- _YOUR OBJECTIVE_
All entries need to be written out again exactly, without their pictures.
*** Opening of RECORDS FOR THIS EXERCISE ***
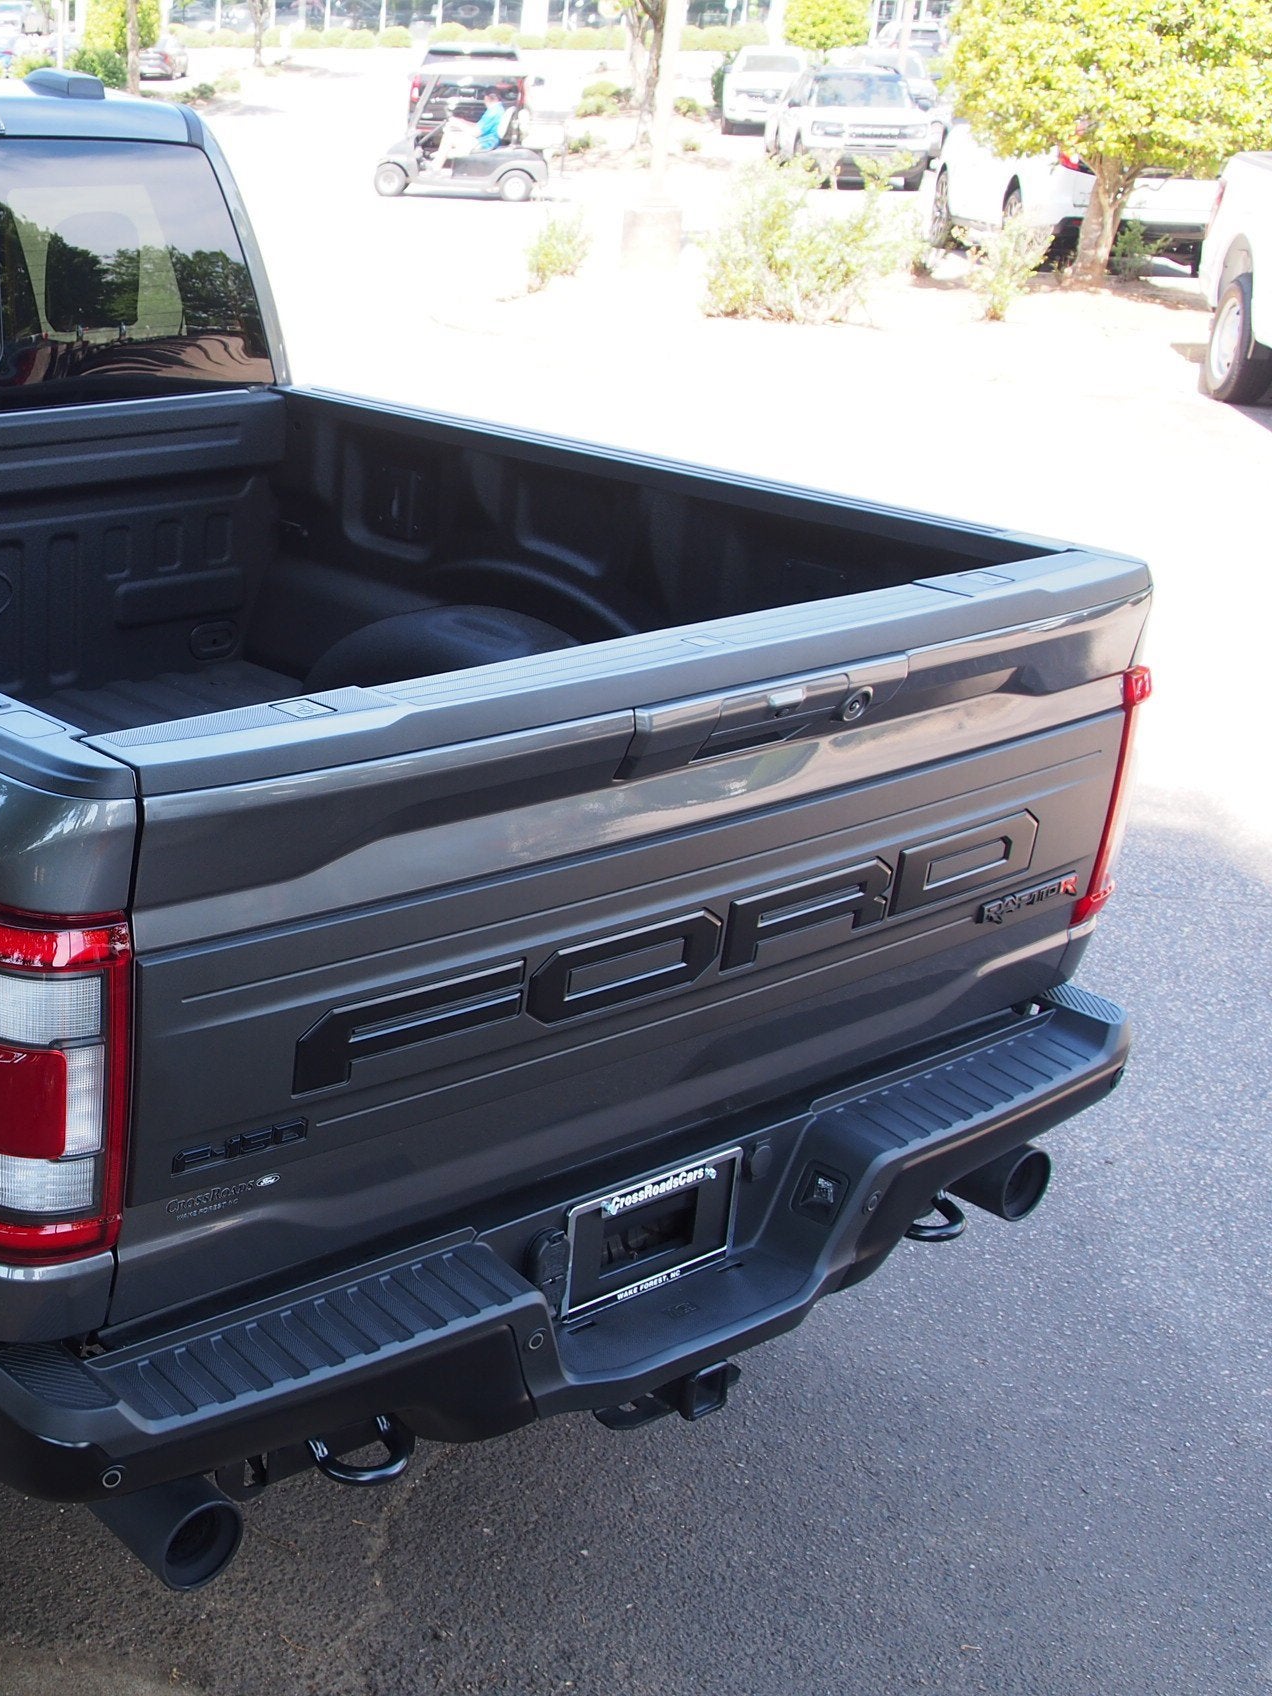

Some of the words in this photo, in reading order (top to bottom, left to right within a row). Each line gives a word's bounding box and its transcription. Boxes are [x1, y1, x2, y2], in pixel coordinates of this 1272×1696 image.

[975, 869, 1079, 924] RAPTOR
[290, 807, 1040, 1099] FORD
[172, 1116, 308, 1175] F-150
[612, 1168, 704, 1211] CrossRoadsCars
[616, 1286, 638, 1301] WAKE
[639, 1275, 669, 1291] FOREST,
[670, 1270, 681, 1279] NC
*** Close of RECORDS FOR THIS EXERCISE ***
- _TASK SOLUTION_
Some of the words in this photo, in reading order (top to bottom, left to right within a row). Each line gives a word's bounding box and its transcription. Boxes are [x1, y1, x2, y2], in pixel coordinates of this 1272×1696 image.

[975, 869, 1079, 924] RAPTOR
[290, 807, 1040, 1099] FORD
[172, 1116, 308, 1175] F-150
[612, 1168, 704, 1211] CrossRoadsCars
[616, 1286, 638, 1301] WAKE
[639, 1275, 669, 1291] FOREST,
[670, 1270, 681, 1279] NC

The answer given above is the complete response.